PROVIDED RECORDS:
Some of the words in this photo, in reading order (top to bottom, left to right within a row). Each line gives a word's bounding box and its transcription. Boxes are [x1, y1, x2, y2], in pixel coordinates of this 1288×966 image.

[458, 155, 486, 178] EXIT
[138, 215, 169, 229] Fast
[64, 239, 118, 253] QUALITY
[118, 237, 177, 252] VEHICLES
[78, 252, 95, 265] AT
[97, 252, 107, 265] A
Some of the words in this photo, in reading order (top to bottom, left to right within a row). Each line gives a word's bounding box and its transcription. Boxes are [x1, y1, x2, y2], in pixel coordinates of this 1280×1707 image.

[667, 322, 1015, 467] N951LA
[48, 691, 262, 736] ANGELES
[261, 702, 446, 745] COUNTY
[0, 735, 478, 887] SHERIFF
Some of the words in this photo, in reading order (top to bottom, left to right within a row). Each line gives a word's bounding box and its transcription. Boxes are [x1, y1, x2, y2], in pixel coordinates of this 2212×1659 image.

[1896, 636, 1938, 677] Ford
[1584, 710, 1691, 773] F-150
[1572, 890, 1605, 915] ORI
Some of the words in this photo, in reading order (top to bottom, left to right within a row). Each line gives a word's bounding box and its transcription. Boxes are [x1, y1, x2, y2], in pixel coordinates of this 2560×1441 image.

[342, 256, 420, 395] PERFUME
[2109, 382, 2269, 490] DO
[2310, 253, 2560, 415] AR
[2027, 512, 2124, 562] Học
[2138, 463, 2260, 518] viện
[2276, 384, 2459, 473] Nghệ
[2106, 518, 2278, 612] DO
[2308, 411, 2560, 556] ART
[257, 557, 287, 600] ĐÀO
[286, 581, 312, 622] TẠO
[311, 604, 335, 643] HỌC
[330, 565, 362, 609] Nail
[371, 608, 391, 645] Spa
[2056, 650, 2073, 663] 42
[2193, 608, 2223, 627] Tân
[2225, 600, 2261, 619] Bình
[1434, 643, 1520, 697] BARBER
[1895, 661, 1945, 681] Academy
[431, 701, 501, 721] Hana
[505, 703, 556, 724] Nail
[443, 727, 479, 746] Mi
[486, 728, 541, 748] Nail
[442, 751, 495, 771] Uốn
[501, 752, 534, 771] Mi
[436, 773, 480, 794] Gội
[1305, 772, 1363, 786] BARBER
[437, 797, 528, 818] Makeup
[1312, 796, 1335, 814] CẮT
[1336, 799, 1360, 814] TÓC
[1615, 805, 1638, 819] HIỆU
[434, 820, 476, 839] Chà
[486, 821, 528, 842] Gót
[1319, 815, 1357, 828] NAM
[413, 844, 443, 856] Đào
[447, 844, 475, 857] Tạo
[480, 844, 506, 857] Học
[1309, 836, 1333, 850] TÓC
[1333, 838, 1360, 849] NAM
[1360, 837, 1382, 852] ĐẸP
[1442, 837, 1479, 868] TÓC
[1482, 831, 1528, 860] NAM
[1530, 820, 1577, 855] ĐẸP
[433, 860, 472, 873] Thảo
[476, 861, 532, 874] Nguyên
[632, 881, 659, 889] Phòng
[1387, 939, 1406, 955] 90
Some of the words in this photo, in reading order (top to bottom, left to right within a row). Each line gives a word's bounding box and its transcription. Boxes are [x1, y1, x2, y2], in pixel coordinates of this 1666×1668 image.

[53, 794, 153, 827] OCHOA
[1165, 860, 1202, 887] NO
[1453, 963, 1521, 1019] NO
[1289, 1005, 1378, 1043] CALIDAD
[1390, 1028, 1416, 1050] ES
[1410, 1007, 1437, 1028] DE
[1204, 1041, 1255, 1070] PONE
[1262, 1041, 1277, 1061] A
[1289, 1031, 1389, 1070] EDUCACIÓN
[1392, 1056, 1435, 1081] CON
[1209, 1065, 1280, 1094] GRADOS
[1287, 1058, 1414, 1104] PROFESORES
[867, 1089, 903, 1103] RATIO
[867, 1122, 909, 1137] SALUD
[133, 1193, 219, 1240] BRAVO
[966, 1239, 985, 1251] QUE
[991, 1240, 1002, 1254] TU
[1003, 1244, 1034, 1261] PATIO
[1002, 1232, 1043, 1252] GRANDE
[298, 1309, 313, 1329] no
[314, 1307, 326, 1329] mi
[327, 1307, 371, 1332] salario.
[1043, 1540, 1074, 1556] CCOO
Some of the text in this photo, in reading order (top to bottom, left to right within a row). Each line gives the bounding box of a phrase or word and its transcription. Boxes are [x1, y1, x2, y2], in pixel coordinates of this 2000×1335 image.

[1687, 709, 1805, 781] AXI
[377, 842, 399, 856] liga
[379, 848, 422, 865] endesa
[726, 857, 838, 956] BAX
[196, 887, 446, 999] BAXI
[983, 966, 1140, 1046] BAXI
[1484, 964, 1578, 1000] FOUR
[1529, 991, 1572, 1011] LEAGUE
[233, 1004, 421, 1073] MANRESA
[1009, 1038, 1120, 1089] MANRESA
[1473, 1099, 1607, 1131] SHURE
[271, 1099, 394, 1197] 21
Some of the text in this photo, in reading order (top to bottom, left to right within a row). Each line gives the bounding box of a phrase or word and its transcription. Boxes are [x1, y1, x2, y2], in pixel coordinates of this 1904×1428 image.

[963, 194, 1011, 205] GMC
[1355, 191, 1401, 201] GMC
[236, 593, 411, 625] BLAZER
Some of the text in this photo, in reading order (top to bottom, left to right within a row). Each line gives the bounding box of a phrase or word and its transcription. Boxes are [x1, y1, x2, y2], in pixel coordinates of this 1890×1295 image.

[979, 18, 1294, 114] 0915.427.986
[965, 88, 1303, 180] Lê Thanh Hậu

WORK REQUEST:
Copy each record from above without leaving any out.

RESPONSE BELOW:
Some of the words in this photo, in reading order (top to bottom, left to right within a row). Each line gives a word's bounding box and its transcription. Boxes are [x1, y1, x2, y2], in pixel coordinates of this 1288×966 image.

[458, 155, 486, 178] EXIT
[138, 215, 169, 229] Fast
[64, 239, 118, 253] QUALITY
[118, 237, 177, 252] VEHICLES
[78, 252, 95, 265] AT
[97, 252, 107, 265] A
Some of the words in this photo, in reading order (top to bottom, left to right within a row). Each line gives a word's bounding box and its transcription. Boxes are [x1, y1, x2, y2], in pixel coordinates of this 1280×1707 image.

[667, 322, 1015, 467] N951LA
[48, 691, 262, 736] ANGELES
[261, 702, 446, 745] COUNTY
[0, 735, 478, 887] SHERIFF
Some of the words in this photo, in reading order (top to bottom, left to right within a row). Each line gives a word's bounding box and its transcription. Boxes are [x1, y1, x2, y2], in pixel coordinates of this 2212×1659 image.

[1896, 636, 1938, 677] Ford
[1584, 710, 1691, 773] F-150
[1572, 890, 1605, 915] ORI
Some of the words in this photo, in reading order (top to bottom, left to right within a row). Each line gives a word's bounding box and its transcription. Boxes are [x1, y1, x2, y2], in pixel coordinates of this 2560×1441 image.

[342, 256, 420, 395] PERFUME
[2109, 382, 2269, 490] DO
[2310, 253, 2560, 415] AR
[2027, 512, 2124, 562] Học
[2138, 463, 2260, 518] viện
[2276, 384, 2459, 473] Nghệ
[2106, 518, 2278, 612] DO
[2308, 411, 2560, 556] ART
[257, 557, 287, 600] ĐÀO
[286, 581, 312, 622] TẠO
[311, 604, 335, 643] HỌC
[330, 565, 362, 609] Nail
[371, 608, 391, 645] Spa
[2056, 650, 2073, 663] 42
[2193, 608, 2223, 627] Tân
[2225, 600, 2261, 619] Bình
[1434, 643, 1520, 697] BARBER
[1895, 661, 1945, 681] Academy
[431, 701, 501, 721] Hana
[505, 703, 556, 724] Nail
[443, 727, 479, 746] Mi
[486, 728, 541, 748] Nail
[442, 751, 495, 771] Uốn
[501, 752, 534, 771] Mi
[436, 773, 480, 794] Gội
[1305, 772, 1363, 786] BARBER
[437, 797, 528, 818] Makeup
[1312, 796, 1335, 814] CẮT
[1336, 799, 1360, 814] TÓC
[1615, 805, 1638, 819] HIỆU
[434, 820, 476, 839] Chà
[486, 821, 528, 842] Gót
[1319, 815, 1357, 828] NAM
[413, 844, 443, 856] Đào
[447, 844, 475, 857] Tạo
[480, 844, 506, 857] Học
[1309, 836, 1333, 850] TÓC
[1333, 838, 1360, 849] NAM
[1360, 837, 1382, 852] ĐẸP
[1442, 837, 1479, 868] TÓC
[1482, 831, 1528, 860] NAM
[1530, 820, 1577, 855] ĐẸP
[433, 860, 472, 873] Thảo
[476, 861, 532, 874] Nguyên
[632, 881, 659, 889] Phòng
[1387, 939, 1406, 955] 90
Some of the words in this photo, in reading order (top to bottom, left to right within a row). Each line gives a word's bounding box and its transcription. Boxes are [x1, y1, x2, y2], in pixel coordinates of this 1666×1668 image.

[53, 794, 153, 827] OCHOA
[1165, 860, 1202, 887] NO
[1453, 963, 1521, 1019] NO
[1289, 1005, 1378, 1043] CALIDAD
[1390, 1028, 1416, 1050] ES
[1410, 1007, 1437, 1028] DE
[1204, 1041, 1255, 1070] PONE
[1262, 1041, 1277, 1061] A
[1289, 1031, 1389, 1070] EDUCACIÓN
[1392, 1056, 1435, 1081] CON
[1209, 1065, 1280, 1094] GRADOS
[1287, 1058, 1414, 1104] PROFESORES
[867, 1089, 903, 1103] RATIO
[867, 1122, 909, 1137] SALUD
[133, 1193, 219, 1240] BRAVO
[966, 1239, 985, 1251] QUE
[991, 1240, 1002, 1254] TU
[1003, 1244, 1034, 1261] PATIO
[1002, 1232, 1043, 1252] GRANDE
[298, 1309, 313, 1329] no
[314, 1307, 326, 1329] mi
[327, 1307, 371, 1332] salario.
[1043, 1540, 1074, 1556] CCOO
Some of the text in this photo, in reading order (top to bottom, left to right within a row). Each line gives the bounding box of a phrase or word and its transcription. Boxes are [x1, y1, x2, y2], in pixel coordinates of this 2000×1335 image.

[1687, 709, 1805, 781] AXI
[377, 842, 399, 856] liga
[379, 848, 422, 865] endesa
[726, 857, 838, 956] BAX
[196, 887, 446, 999] BAXI
[983, 966, 1140, 1046] BAXI
[1484, 964, 1578, 1000] FOUR
[1529, 991, 1572, 1011] LEAGUE
[233, 1004, 421, 1073] MANRESA
[1009, 1038, 1120, 1089] MANRESA
[1473, 1099, 1607, 1131] SHURE
[271, 1099, 394, 1197] 21
Some of the text in this photo, in reading order (top to bottom, left to right within a row). Each line gives the bounding box of a phrase or word and its transcription. Boxes are [x1, y1, x2, y2], in pixel coordinates of this 1904×1428 image.

[963, 194, 1011, 205] GMC
[1355, 191, 1401, 201] GMC
[236, 593, 411, 625] BLAZER
Some of the text in this photo, in reading order (top to bottom, left to right within a row). Each line gives the bounding box of a phrase or word and its transcription. Boxes are [x1, y1, x2, y2], in pixel coordinates of this 1890×1295 image.

[979, 18, 1294, 114] 0915.427.986
[965, 88, 1303, 180] Lê Thanh Hậu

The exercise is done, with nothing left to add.